Published on: Sun, Jan 29, 2017
A Panel of Empowerment and Inspiration
When you surround yourself with people that inspire you and encourage you to do great things you have a higher chance of chasing and achieving your dreams. The environment of Denton Black Film Festival’s Women in Entertainment panel embodied this sentiment in every way possible. Even before the discussion began the space was full of people exchanging ideas and chattering excitedly.
The panel included people from all areas of the entertainment industry from producing, managing, and even one recording artist. All provided meaningful insight into the nuances of being a person of color in the industry and the unique challenges and opportunities they’ve had.
CEO of WEEN (Women in Entertainment Empowerment Network) and DBFF National Chair Valeshia Butterfield-Jones gave multiple outstanding pieces of advice that both reminded us of the progress that’s been made for women of color in the industry while highlighting the issues that are still faced by newcomers. Among that advice she also encouraged for us to “Stay ahead of the curve, you have to be in the now and the next” reminding the audience that getting into the industry is only half the battle.
Kerri Navarro (producer and owner of Black Irish Girl Productions) and Ashleigh Smith (Concord Recording artist) also touched on this point but despite the difficulty that each understood is a part of the entertainment industry the conversation was always full of hope. The discussion also managed to never get too serious and when audience members were invited to ask questions there was laughter, banter, and meaningful words of help all rolled into one.
Carina M. Craft (CEO and Founder of Craft Entertainment) and Ward White IV (Entertainment lawyer and CEO of ESQ media) were an excellent addition to the panel and made a lot of great pints on the business side of the industry. “It’s not what you make it’s what you keep” was a line from White that resonated with me personally and I feel like the room as a whole. He discussed the way that in order for people to stay in the industry they have to be educated in all aspects of it. Sybil Wilkes (Co-host of the Tom Joyner Morning Show) acted as a great moderator and asked incredibly pertinent and relevant questions throughout while keeping the atmosphere open and enjoyable.
There was outstanding support from the community, University of North Texas and Texas Woman’s University staff, as well as student organizations from both institutions. The panelists discussions revolved a lot around community action and getting involved. The event itself stood as a testament to this as many audience members were directors, producers, and writers involved in a lot of the films showcased in the festival.
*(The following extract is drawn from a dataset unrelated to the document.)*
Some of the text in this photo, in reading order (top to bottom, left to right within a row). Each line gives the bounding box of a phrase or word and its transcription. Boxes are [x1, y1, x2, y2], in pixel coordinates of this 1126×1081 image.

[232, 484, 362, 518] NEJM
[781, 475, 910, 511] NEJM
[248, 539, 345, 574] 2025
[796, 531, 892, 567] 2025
It was exciting to see this level of involvement from everyone included in the festival and the desire for everyone to grow and learn from one another.
The panel discussion was incredibly informative and the sense of community, the exchanging of ideas that happened after the event was a great learning and networking experience. The biggest takeaway is the incredibly importance of supporting others in your community and field, being there in times of trouble, and celebrating the accomplishments of all.